Best guess at this point (updated!)
Based on what I have to date, we seem to have a data structure like this:
0 |
Sync: 0xaf |
1 |
Lowest nybble appears to be "channel", upper nybble is a minute countdown in 6 second periods |
2 |
Random(?) ID generated at startup, but only upper nybble. Bit 0x01 may be a low-battery flag, bit 0x04 is a "recently powered up" flag (for first 30 min). |
3 |
Random(?) ID generated at startup |
4 |
Lower 8-bits of Current |
5 |
Upper 2-bits of Current, but may actually be 4-bits with all phases being summed. Upper bits seem to be consistently zero, so possibly could treat these bytes as a 16-bit word. |
6 |
Accumulated Current Counter0 |
7 |
Accumulated Current Counter1 |
8 |
Accumulated Current Counter2 |
9 |
Accumulated Current Counter3 |
10 |
Accumulated Current Counter4 |
11 |
Accumulated Current Counter5 |
12 |
Likely Checksum of some sort, probably parity/XOR based as parity of this byte matches parity from the second (upper) nybble of Byte 1 Through Byte 11
|
13 |
Checksum of nybbles from the second (upper) nybble of Byte 1 Through Byte 11 |
This is very nicely designed again - we clearly have thought that has gone into what data representations are useful as well as additional information like recent power on flag and battery low flags which could be used to make the user experience better.

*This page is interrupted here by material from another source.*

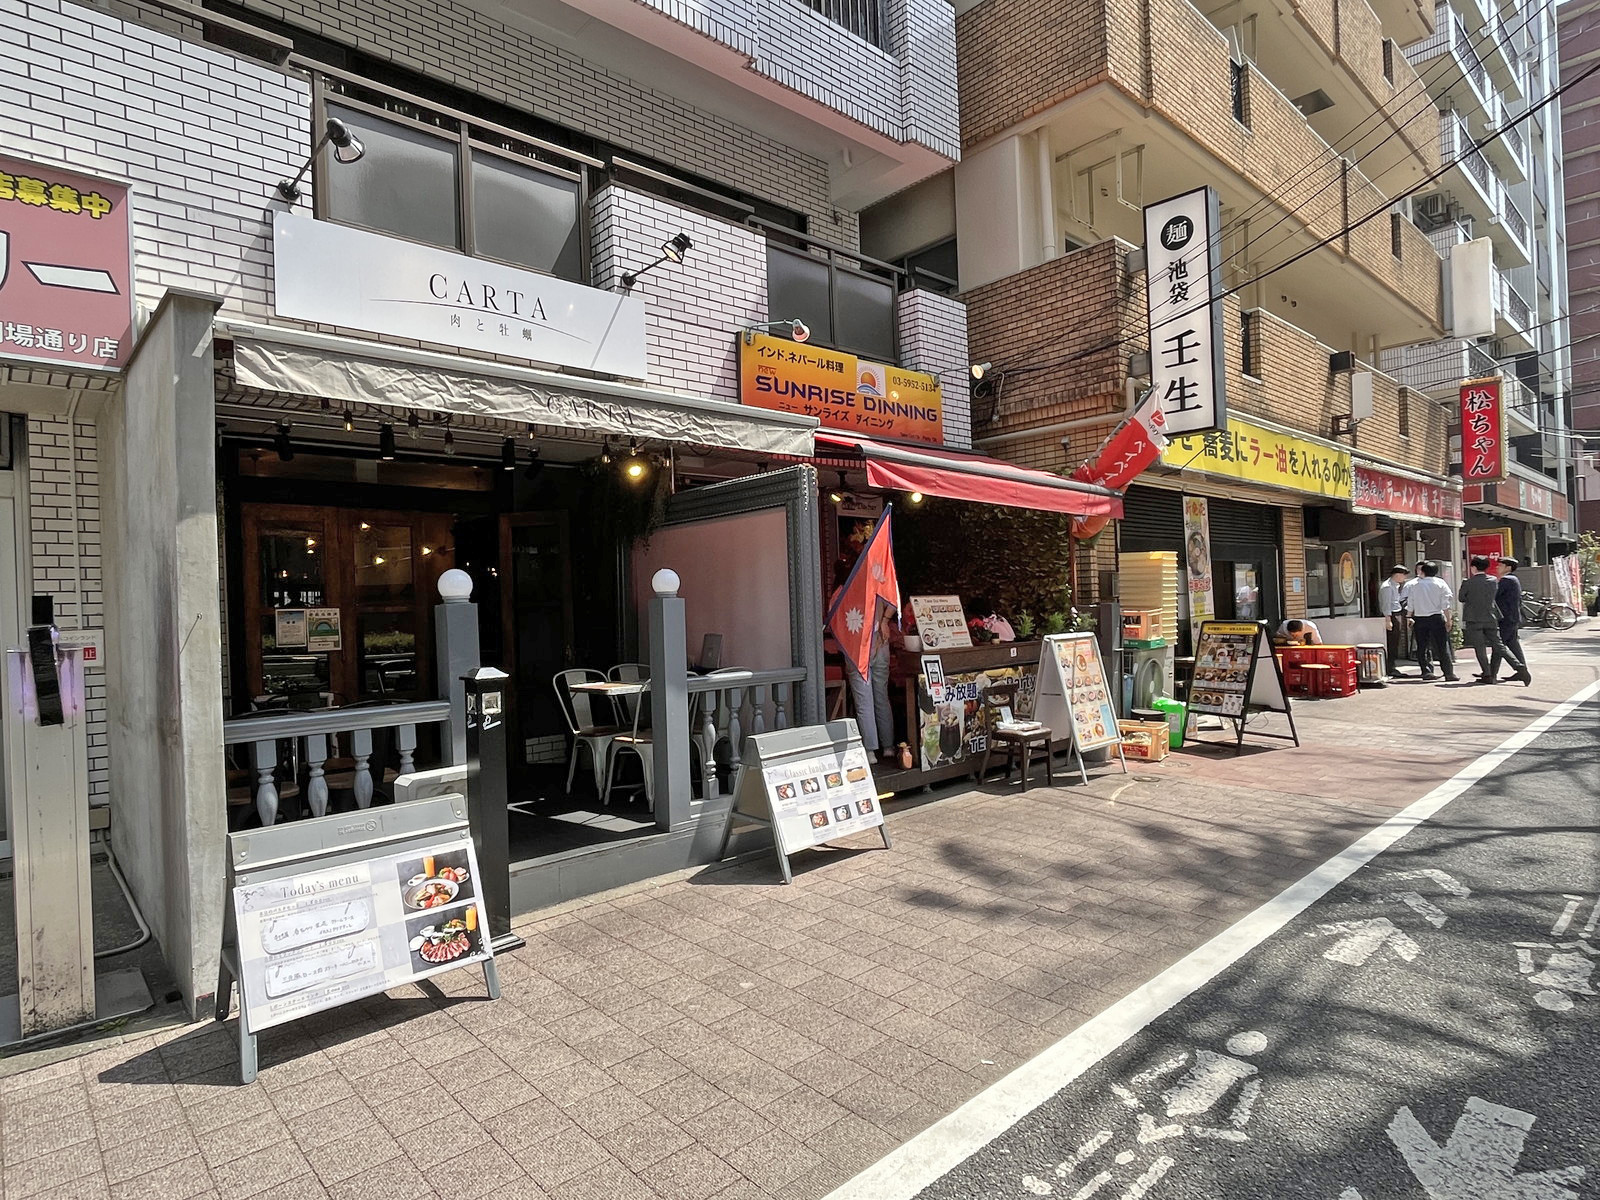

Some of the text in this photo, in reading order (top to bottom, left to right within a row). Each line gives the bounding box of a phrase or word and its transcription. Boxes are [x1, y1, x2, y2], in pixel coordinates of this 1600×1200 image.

Data integrity is well considered giving two bytes of checks which although one isn't fully understood yet, together likely make a very robust system.
Update 1
After looking at the output of the real-time decode that I've got running for this now, I've made the following observations:
-
Bytes 6-11 are a 48-bit counter accumulating the current measurement each second, and bytes 10-11 are always zero because it hasn't counted that far yet. This is very useful as allows an average since a previous sample to be taken.
-
Updates are sent at least every 60 seconds, but more frequently (down to 6 seconds, in 6 second steps) when energy usage is fluctuating
-
The high nybble of Byte is a period count-down. Every 6 second period it ticks down from 9 reaching 0 each minute. It's unclear what purpose this serves. It's worth noting that the 60 second intervals always start on a 0 value to another 0 value - this may be a simple means of ensuring 1 (predictable) sample every 60 seconds, or at least syncing timing with the receiver.
-
I had originally suspected that Bytes 12-13 were a checksum, but have had no success reverse-engineering the algorithm. What I have however found is that Byte 13 hovers around a value of 100 (a serious checksum would be near random) which is suspiciously like double UK mains frequency. Graphing the distribution and it's very closely centred on 100 - in fact I get a mean of 99.89... I'm beginning to think this is a crude indication of the mains frequency and 0.5Hz (2x) resolution is as good as practical in 8 bits giving space for 60Hz countries. It does however drift around quite a lot so not certain at this point. Byte 12 still does have a fairly even distribution across all values so possibilities still open. See Update 3
Update 2
-
Bytes 2-3 appear to change every time the power is applied and likely act as a randomized(?) unique ID... or at least the upper 24bits are - see below.
-
The lowest nybble of Byte 2 appears to be a set of flags, and it would appear that bit 0x01 is the low battery flag. Bit 0x04 appears to be on immediately after power-up so possibly a "recently powered on" flag or similar and goes low again 30 minutes after power up. Other bits are not known at this point.
Update 3
It's gradually making more sense...
-
Byte 13 definitely stacks up as being a sum of nybbles from the upper of Byte 1 (ie. after the channel) through to Byte 11. This results in the rather tight coincidental distribution around 100 but it all makes more sense now.
-
Byte 12 is not included in the checksum which suggests that it may also be a checksum of some sort. What does seem consistent is that the parity of this byte matches the parity of the data set used for Byte 13 which suggests this is some kind of XOR based validation. This byte along with two bits (flags) is the only thing between me and a full decode, but at this stage it's completely possible to use this for basic parity checking.